#### Aim of the task
What you produce should match the records below precisely, except that images are removed.

Dataset excerpts
▶

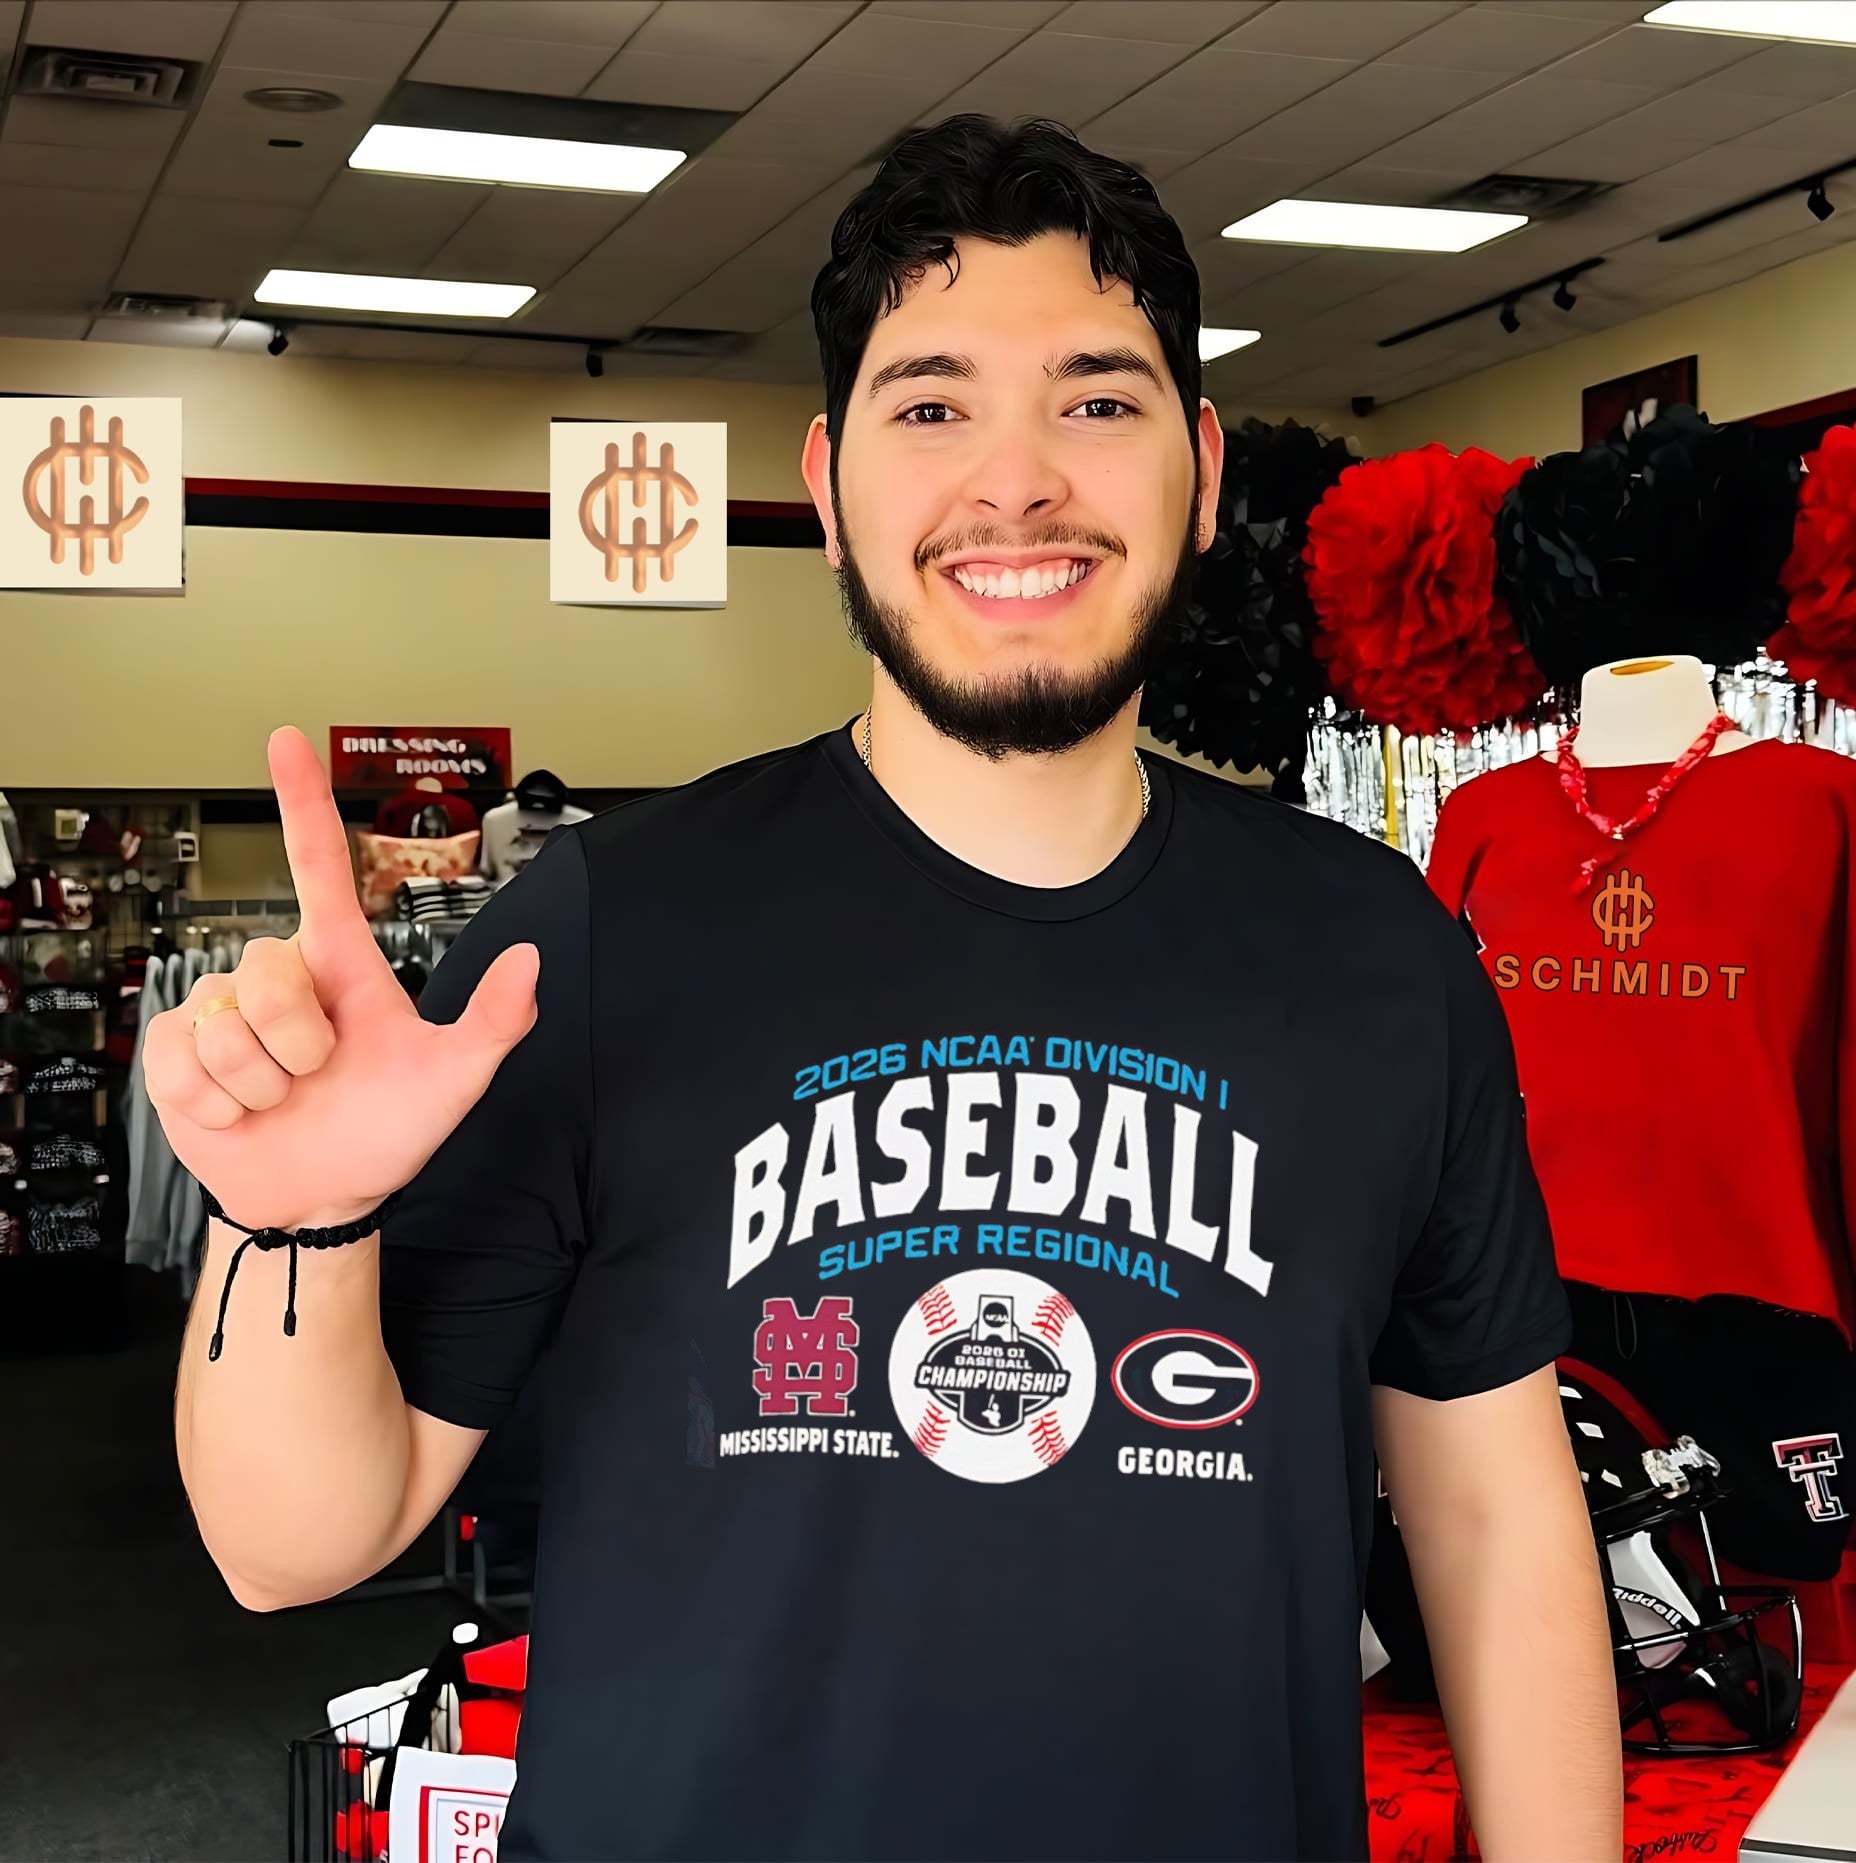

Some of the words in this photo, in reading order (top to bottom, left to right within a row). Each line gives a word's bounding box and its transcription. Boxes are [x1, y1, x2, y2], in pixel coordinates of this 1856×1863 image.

[342, 737, 467, 754] DRESSING
[396, 758, 487, 775] ROOMS
[1494, 953, 1748, 1001] SCHMIDT
[793, 1043, 908, 1101] 2026
[1045, 1037, 1207, 1101] DIVISION
[726, 1071, 1275, 1298] BASEBALL
[818, 1224, 960, 1280] SUPER
[977, 1224, 1180, 1298] REGIONAL
[917, 1365, 1067, 1394] CHAMPIONSHIP
[719, 1427, 829, 1458] MISSISSIPPI
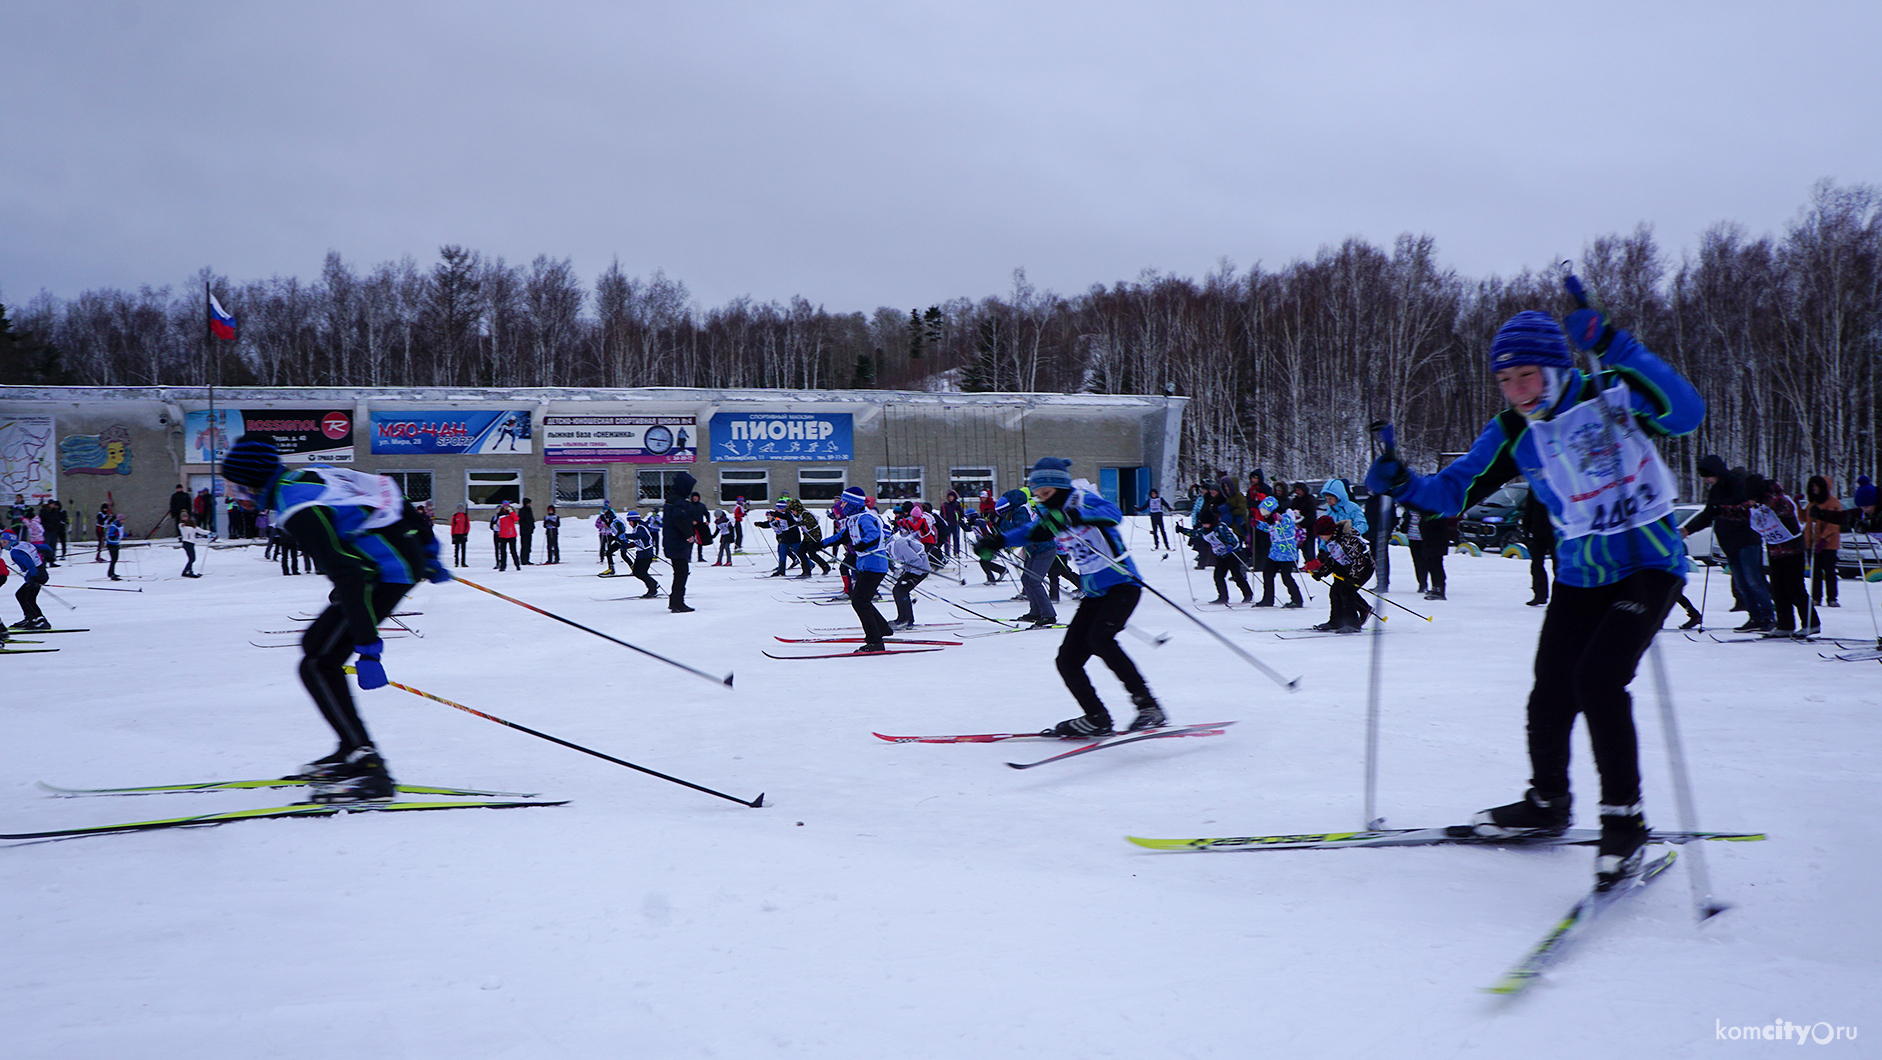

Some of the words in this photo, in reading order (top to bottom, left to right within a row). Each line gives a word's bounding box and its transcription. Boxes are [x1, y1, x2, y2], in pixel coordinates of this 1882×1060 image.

[246, 420, 320, 431] ROSSIGNOL
[377, 422, 468, 438] МЯО-ЧАН
[730, 420, 834, 440] ПИОНЕР
[391, 438, 412, 446] Мира,
[436, 436, 475, 447] SPORT
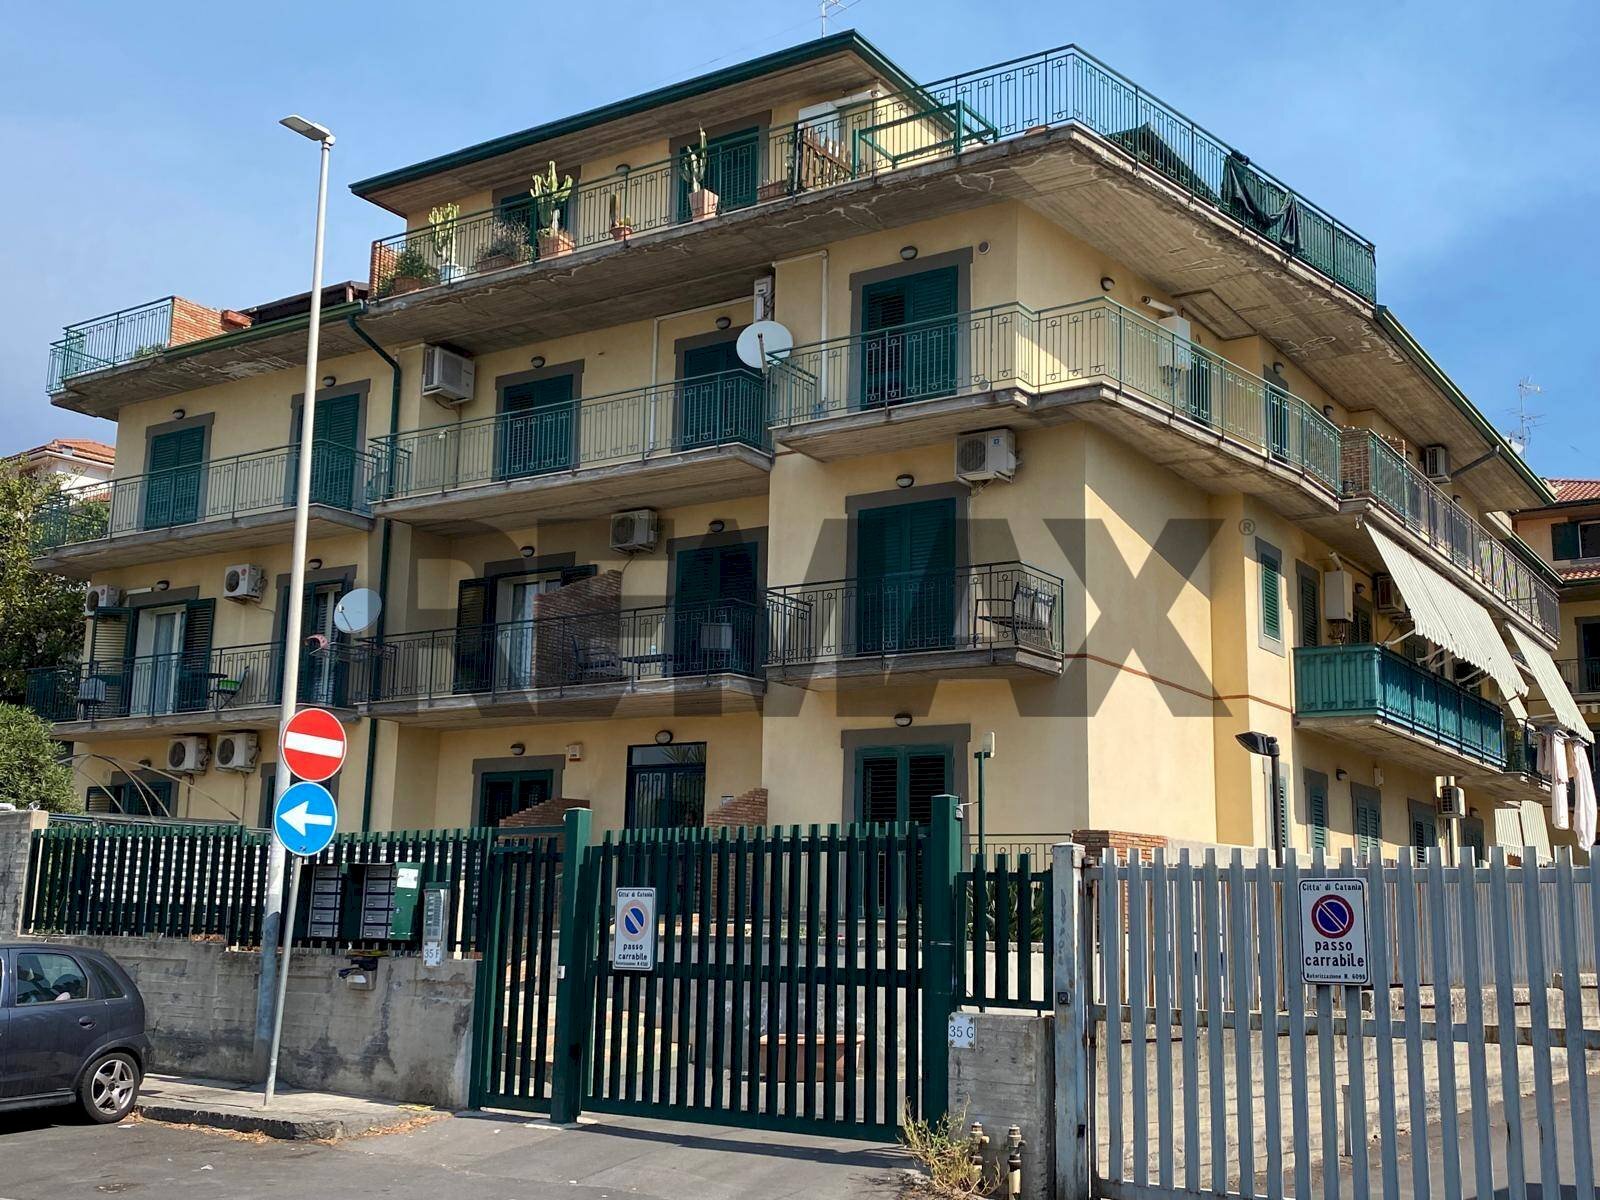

◀

#### Solution to this exercise
Some of the words in this photo, in reading order (top to bottom, left to right within a row). Each line gives a word's bounding box and its transcription. Boxes are [x1, y1, x2, y2], in pixel coordinates of this 1856×1863 image.

[342, 737, 467, 754] DRESSING
[396, 758, 487, 775] ROOMS
[1494, 953, 1748, 1001] SCHMIDT
[793, 1043, 908, 1101] 2026
[1045, 1037, 1207, 1101] DIVISION
[726, 1071, 1275, 1298] BASEBALL
[818, 1224, 960, 1280] SUPER
[977, 1224, 1180, 1298] REGIONAL
[917, 1365, 1067, 1394] CHAMPIONSHIP
[719, 1427, 829, 1458] MISSISSIPPI

Some of the words in this photo, in reading order (top to bottom, left to right within a row). Each line gives a word's bounding box and its transcription. Boxes are [x1, y1, x2, y2], in pixel coordinates of this 1882×1060 image.

[246, 420, 320, 431] ROSSIGNOL
[377, 422, 468, 438] МЯО-ЧАН
[730, 420, 834, 440] ПИОНЕР
[391, 438, 412, 446] Мира,
[436, 436, 475, 447] SPORT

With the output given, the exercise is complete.